By default, JavaScript data disappears when you close or refresh the page. localStorage lets you store data in the browser that persists across page loads, tab closes, and even browser restarts.
// Save
localStorage.setItem("username", "sarah_chen");

// Retrieve (even after closing and reopening the browser)
const username = localStorage.getItem("username");
console.log(username); // "sarah_chen"

The four methods

// Store a value
localStorage.setItem("theme", "dark");

// Get a value
const theme = localStorage.getItem("theme"); // "dark"

// Remove a specific value
localStorage.removeItem("theme");

// Clear everything
localStorage.clear();
That’s the entire API. Four methods, all synchronous, all straightforward.

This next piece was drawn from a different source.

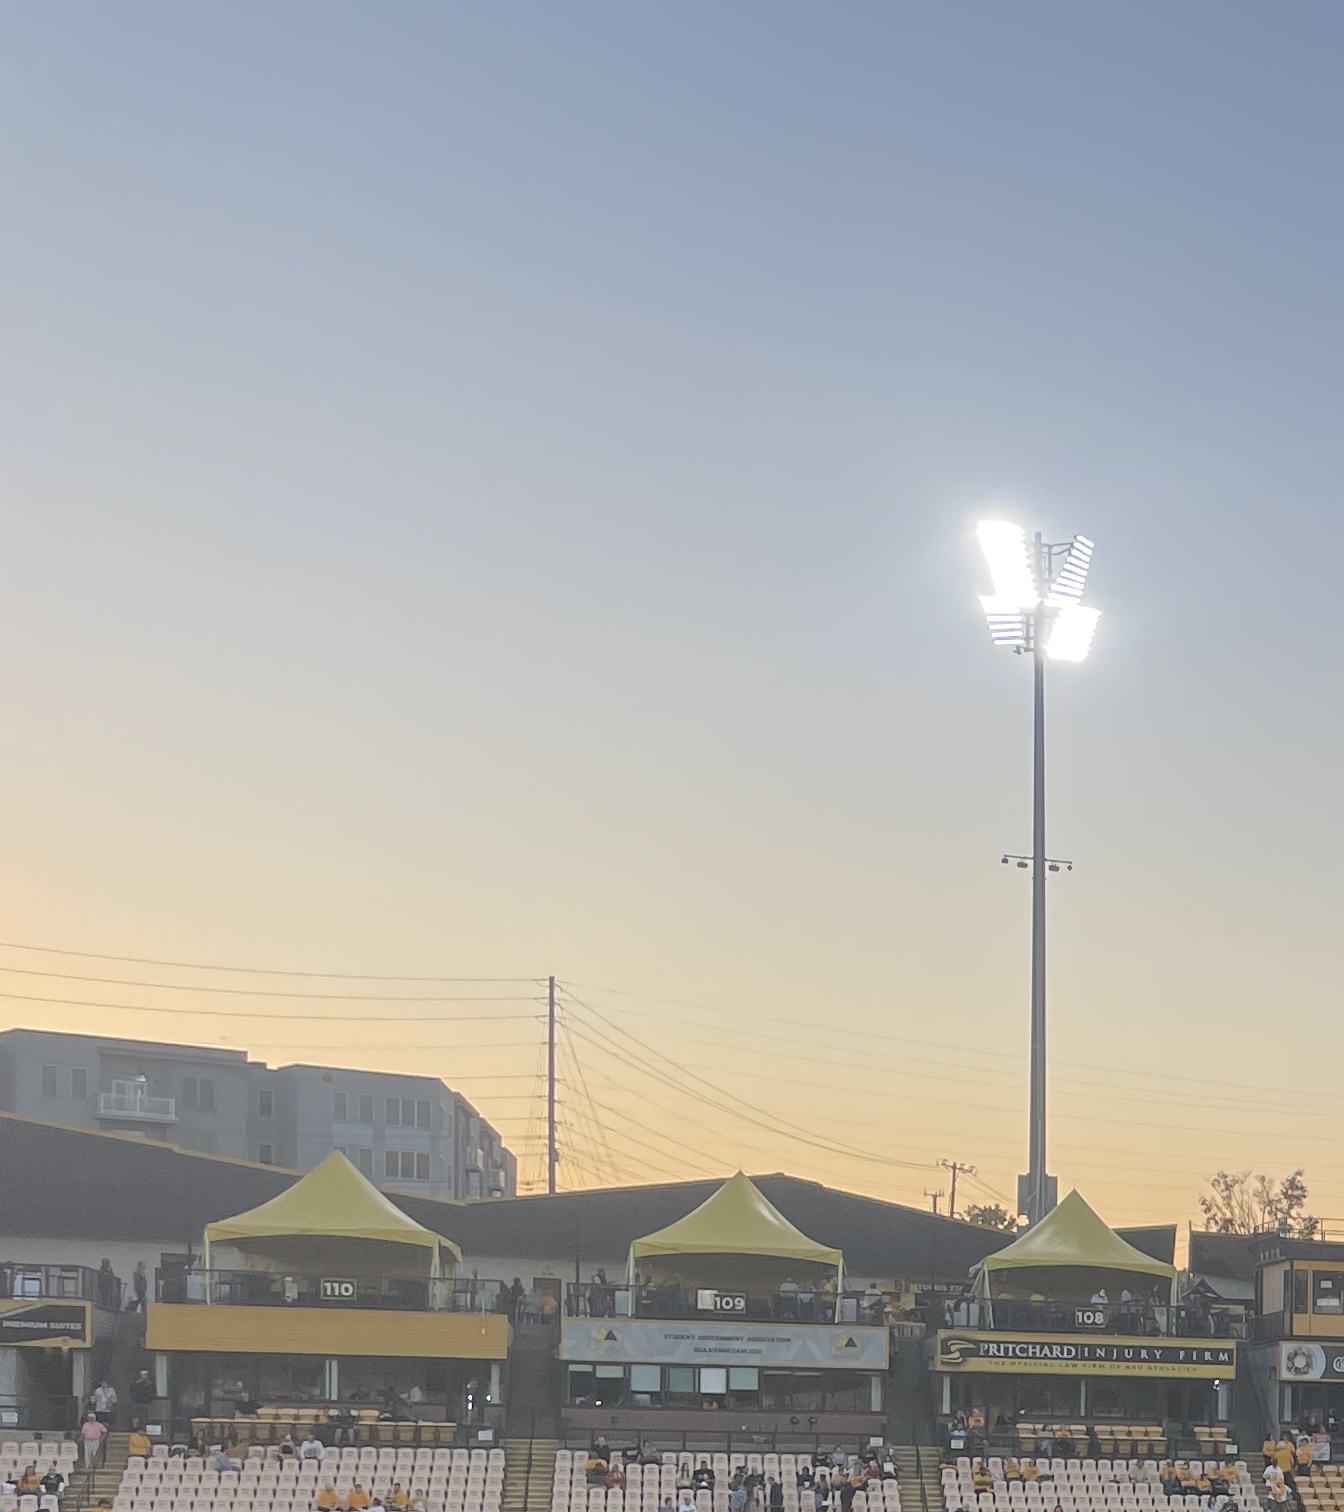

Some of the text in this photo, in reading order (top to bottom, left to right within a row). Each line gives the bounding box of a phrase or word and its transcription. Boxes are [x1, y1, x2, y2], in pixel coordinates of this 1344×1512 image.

[323, 1282, 354, 1296] 110
[714, 1297, 745, 1310] 109
[1077, 1311, 1105, 1324] 108
[979, 1343, 1230, 1361] PRITCHARD INJURY FIRM
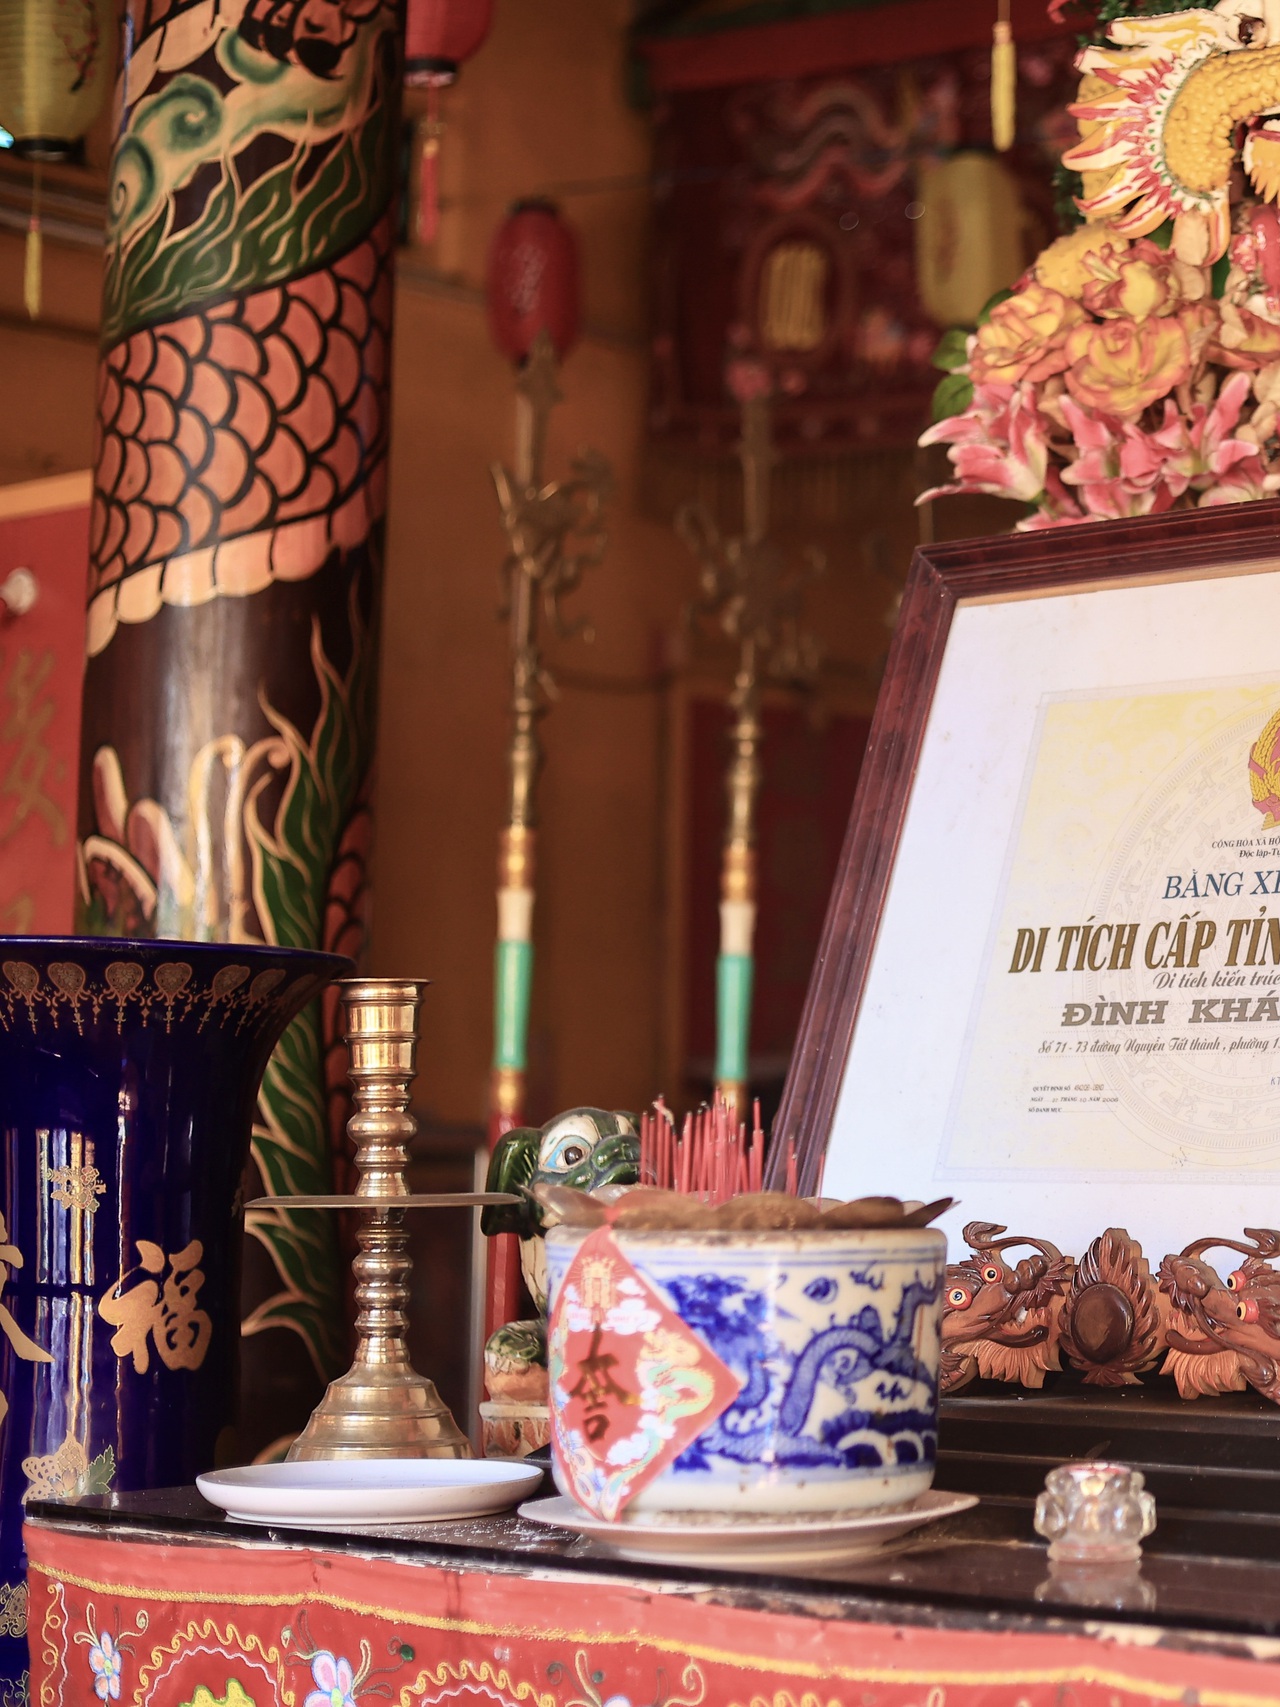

localStorage only stores strings

This is the most important thing to know. localStorage values are always strings.
// ❌ Storing a number — gets converted to string
localStorage.setItem("count", 42);
const count = localStorage.getItem("count");
console.log(count);        // "42" (string!)
console.log(typeof count); // "string"
console.log(count + 1);    // "421" (string concatenation, not addition)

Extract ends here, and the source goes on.